Japan’s infection rates remain far below many other countries but the rising number of cases and the possibility of renewed restrictions have put authorities and businesses on edge.

Tokyo is on amber alert, the third most severe in a four rank scale.

Its medical facilities are ranked at the lesser yellow level, indicating they are not in immediate risk of being overwhelmed.

“We will prevent the spread of infection while maintaining daily life,” said Governor Yuriko Koike, Tokyo’s first female governor who is expected to win a second term in an election on Sunday after a campaign dominated by the pandemic.

Preventive measures have already pushed Japan’s economy into a recession in the first quarter, with a deeper contraction expected in the April-June quarter.

The state of emergency gave governors of Japan’s 47 prefectures stronger legal authority to urge people to stay home and businesses to close, but there were no fines or arrests for non-compliance.
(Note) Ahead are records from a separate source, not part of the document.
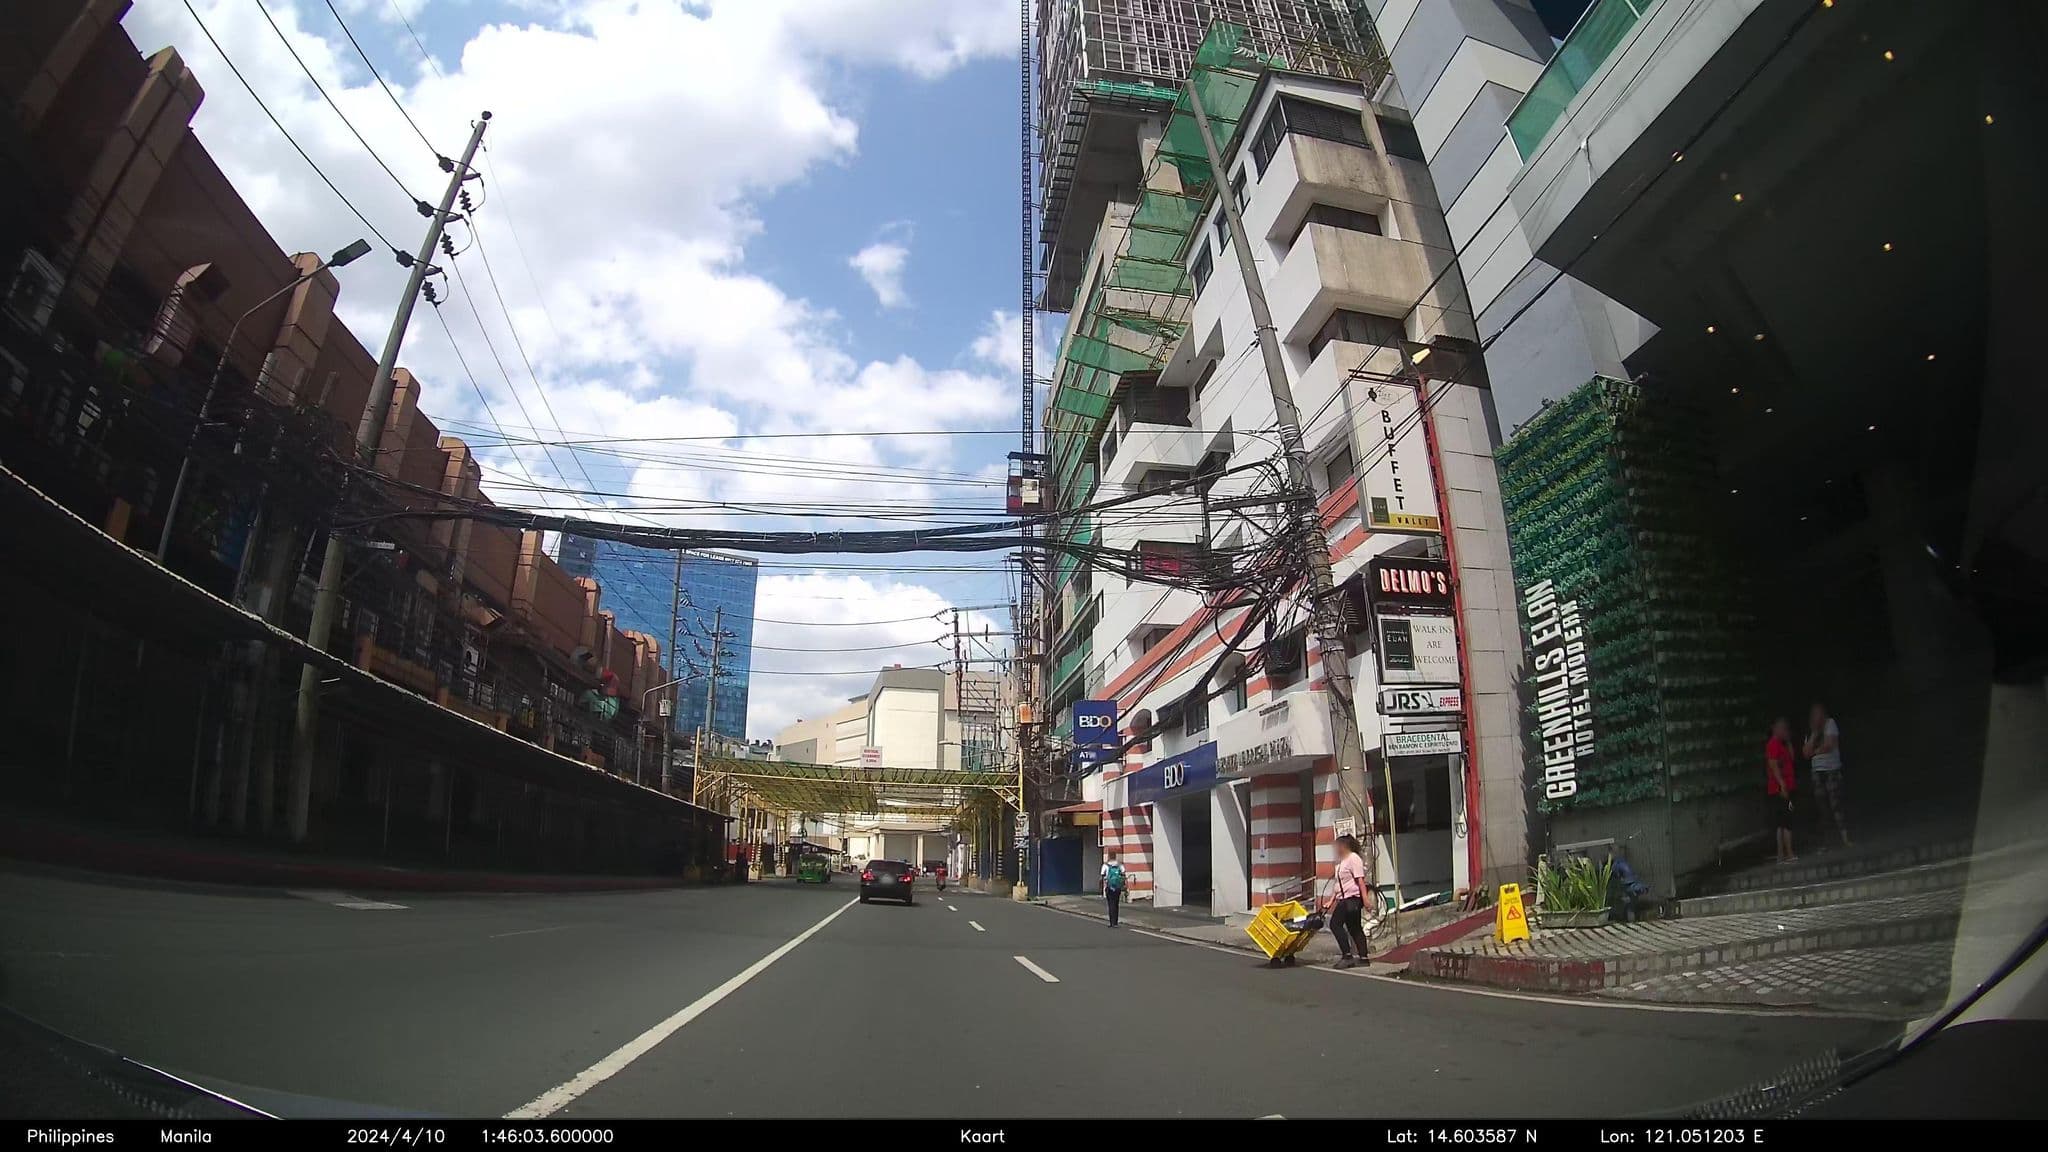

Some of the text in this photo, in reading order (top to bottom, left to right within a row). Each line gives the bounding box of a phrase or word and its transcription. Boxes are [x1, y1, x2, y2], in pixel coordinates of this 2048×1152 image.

[1381, 410, 1405, 510] BUFFET
[1380, 568, 1447, 595] DELMO'S
[1413, 625, 1437, 633] WALK
[1415, 656, 1457, 664] WELCOME
[1524, 578, 1577, 799] GREENHILLS ELAN
[1560, 600, 1595, 758] HOTEL MODERN
[1386, 692, 1420, 710] JRS
[1079, 715, 1112, 731] BDO
[1164, 762, 1184, 789] BDO
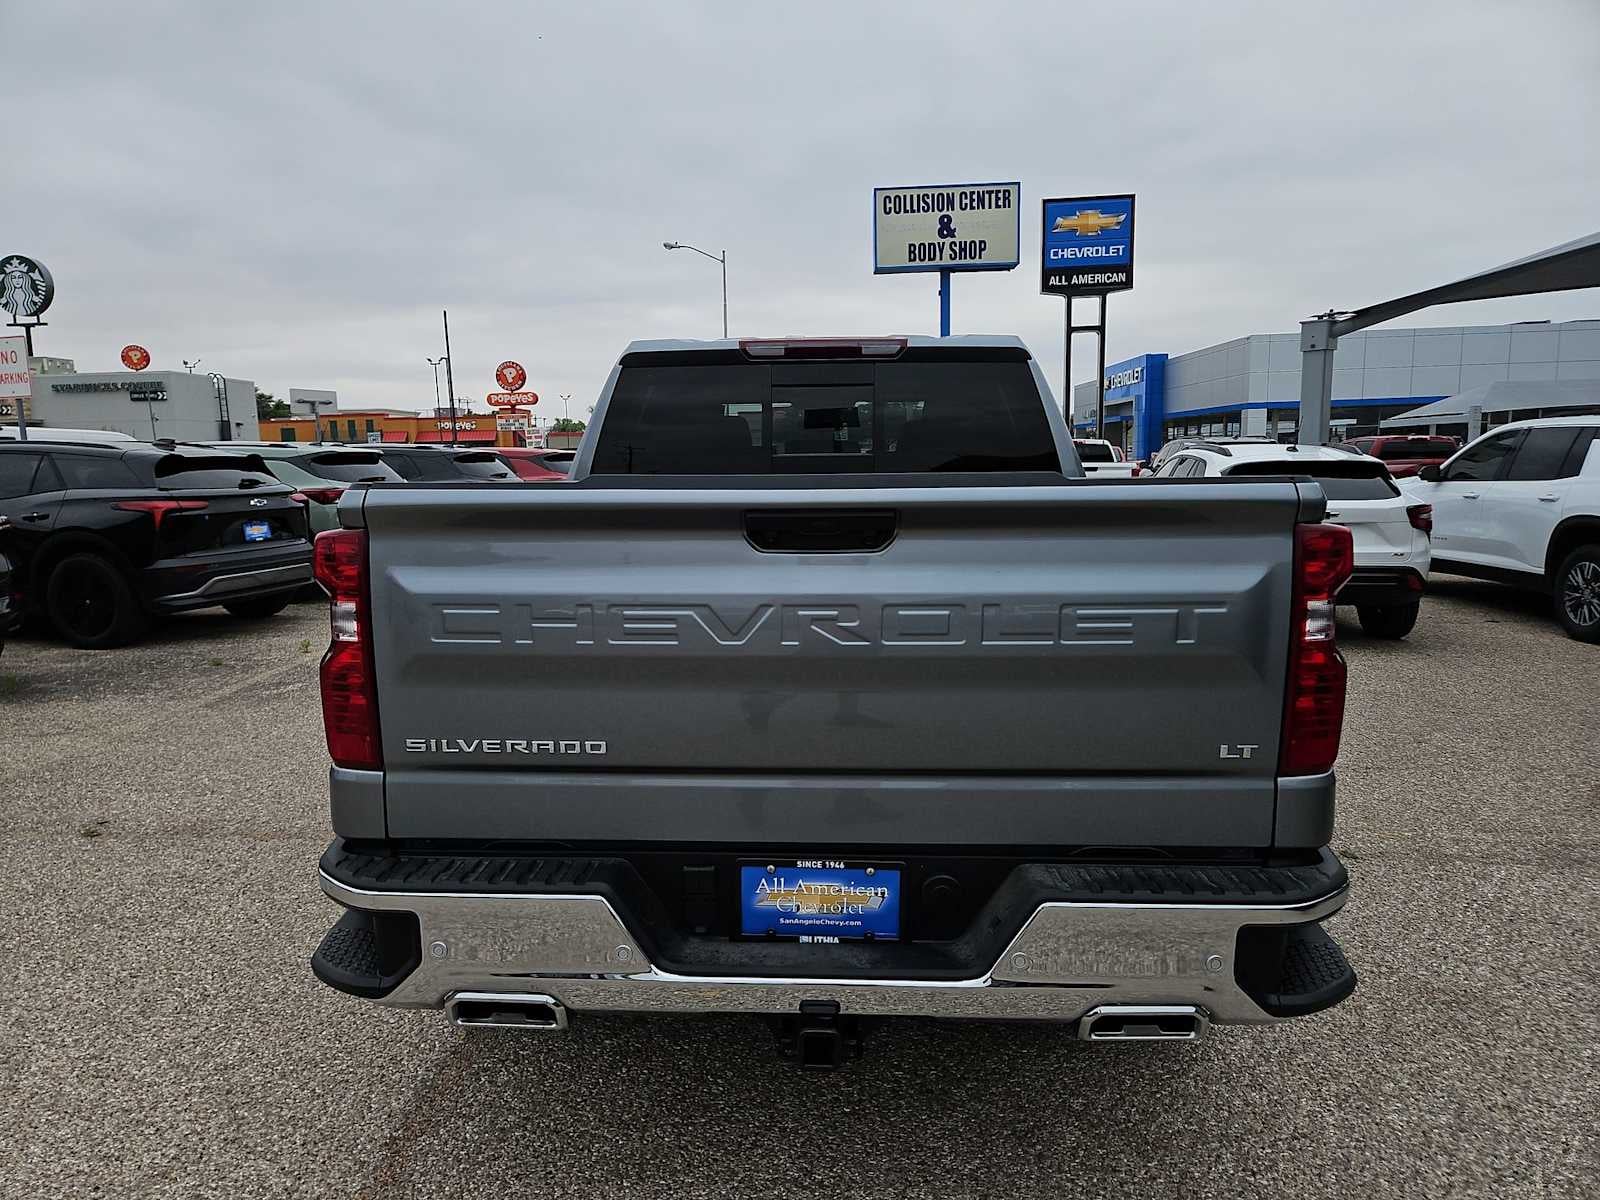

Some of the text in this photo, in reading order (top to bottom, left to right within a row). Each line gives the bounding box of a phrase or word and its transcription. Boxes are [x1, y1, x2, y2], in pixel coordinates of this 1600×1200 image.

The government is considering revising the law to strengthen enforcement of lockdown requests, Jiji news agency reported, adding that it would aim to submit a bill before or during the ordinary session of parliament next year.

• A Japanese performance group is starting a run of drive-in horror shows for people who are scared of catching the coronavirus but still want to get close-up frights from ghouls and zombies.

Audience members will drive into a garage in Tokyo, one car at a time, and listen to a murder story and sound effects blared out of speakers, as actors dressed as monsters bang on the side of the vehicle and spray fake blood over the windows.

The performance group Kowagarasetai – which roughly translates as the “scare squad” – is hoping to frighten as many as 11 carloads of people a day at weekends in July and hopefully August, coordinator Kenta Iawana said.